Saved entries -
◇ ◇ ◇ ◇
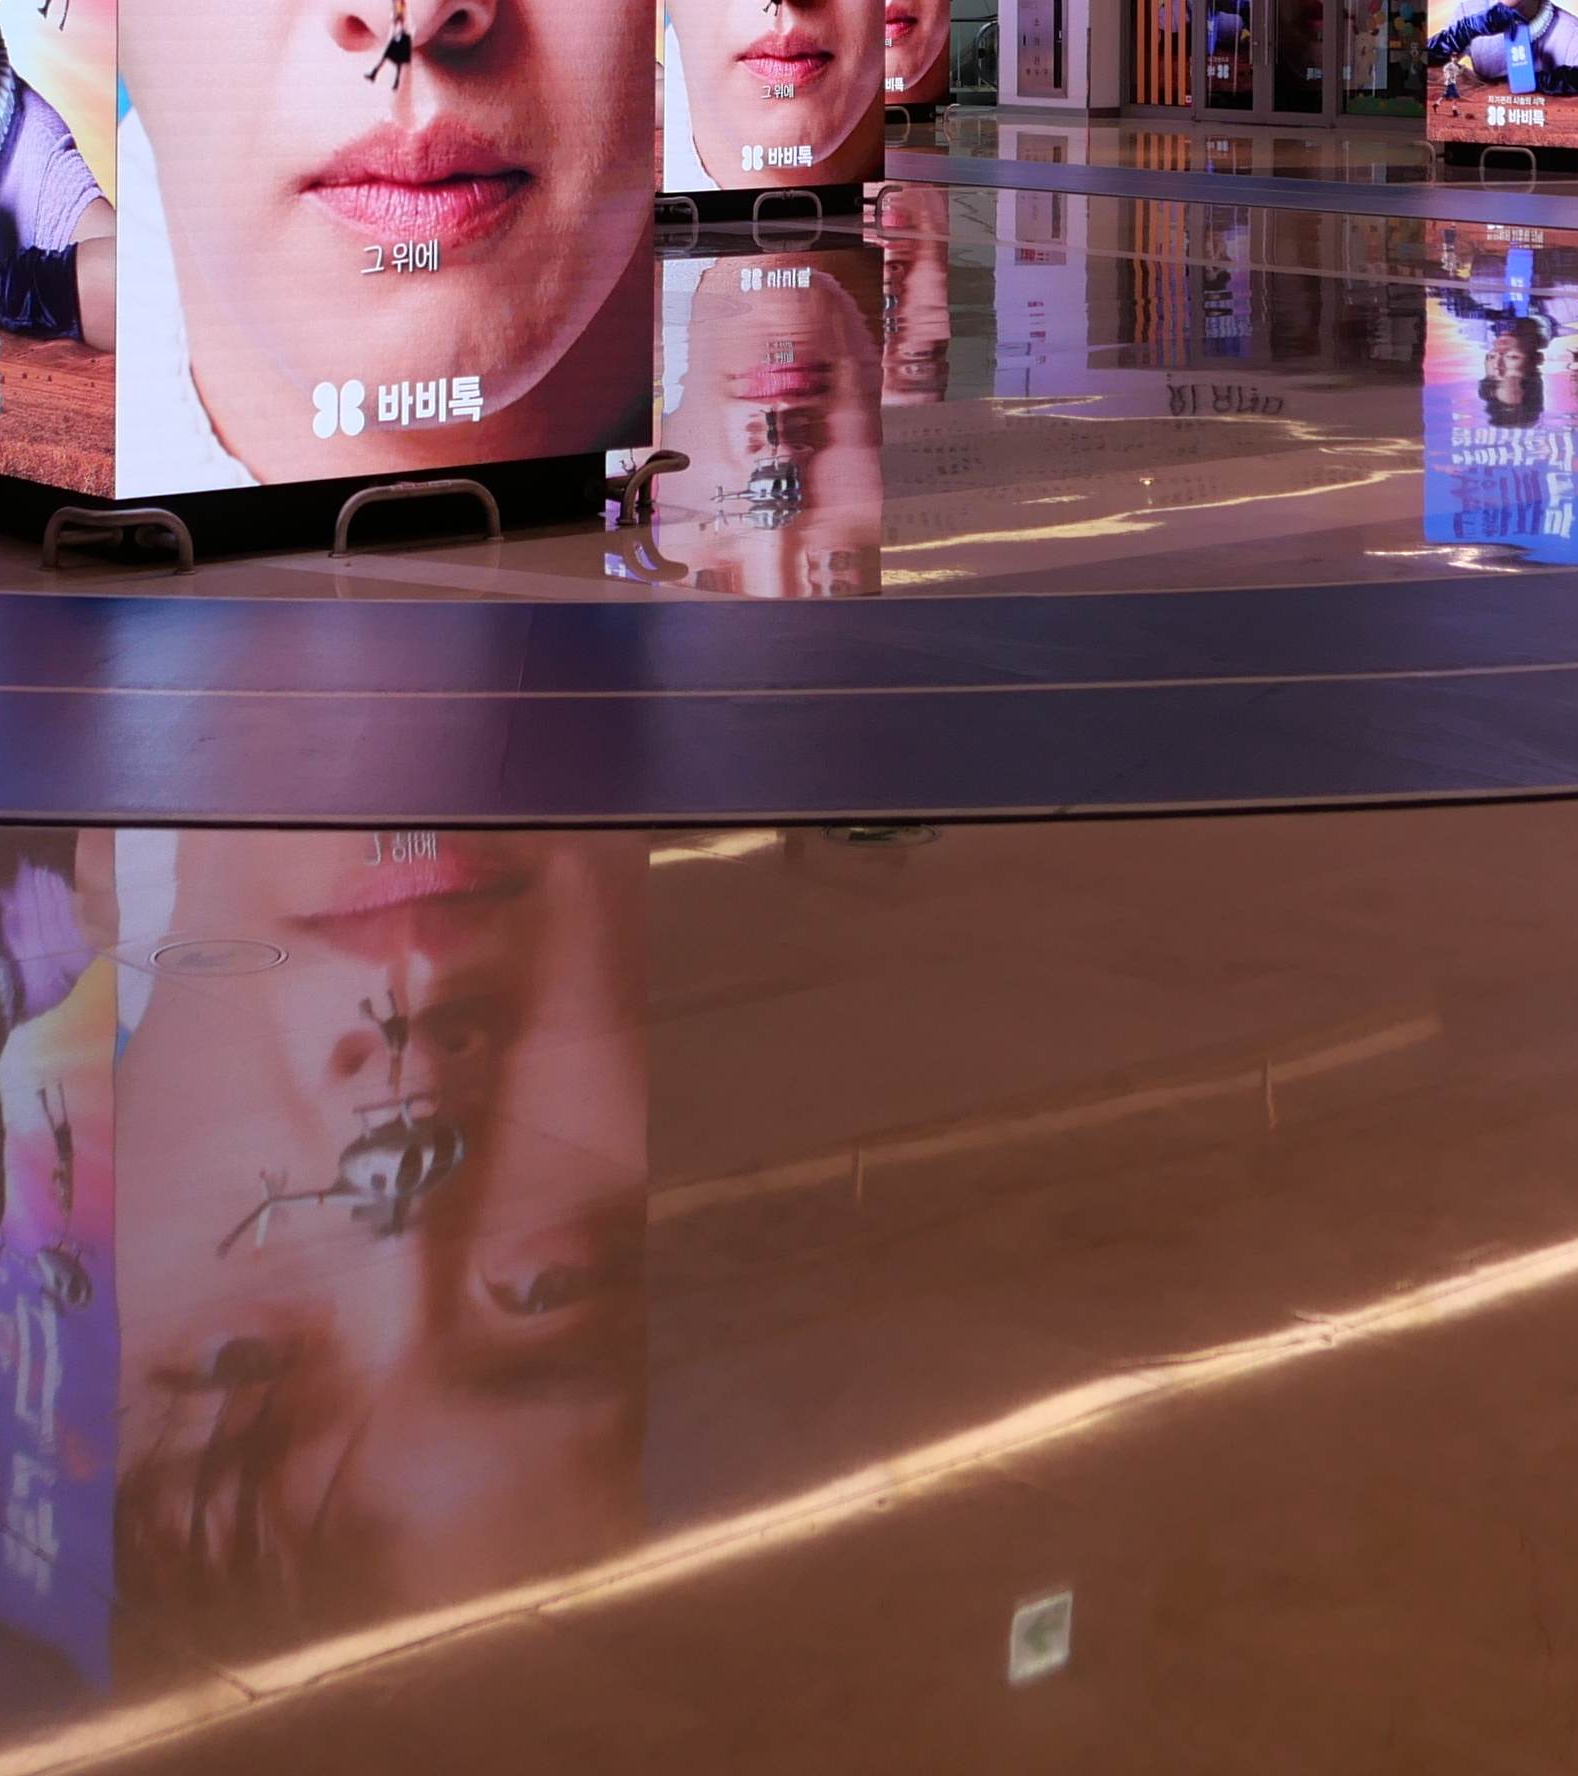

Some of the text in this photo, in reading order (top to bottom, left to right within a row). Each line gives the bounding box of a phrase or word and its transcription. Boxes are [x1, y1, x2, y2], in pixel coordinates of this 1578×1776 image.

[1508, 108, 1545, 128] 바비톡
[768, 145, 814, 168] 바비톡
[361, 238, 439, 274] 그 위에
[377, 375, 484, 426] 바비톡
◇ ◇ ◇ ◇
Exercise instructions - An exact copy of the entries, minus the pictures, is what's needed here.

Expected output -
Some of the text in this photo, in reading order (top to bottom, left to right within a row). Each line gives the bounding box of a phrase or word and its transcription. Boxes are [x1, y1, x2, y2], in pixel coordinates of this 1578×1776 image.

[1508, 108, 1545, 128] 바비톡
[768, 145, 814, 168] 바비톡
[361, 238, 439, 274] 그 위에
[377, 375, 484, 426] 바비톡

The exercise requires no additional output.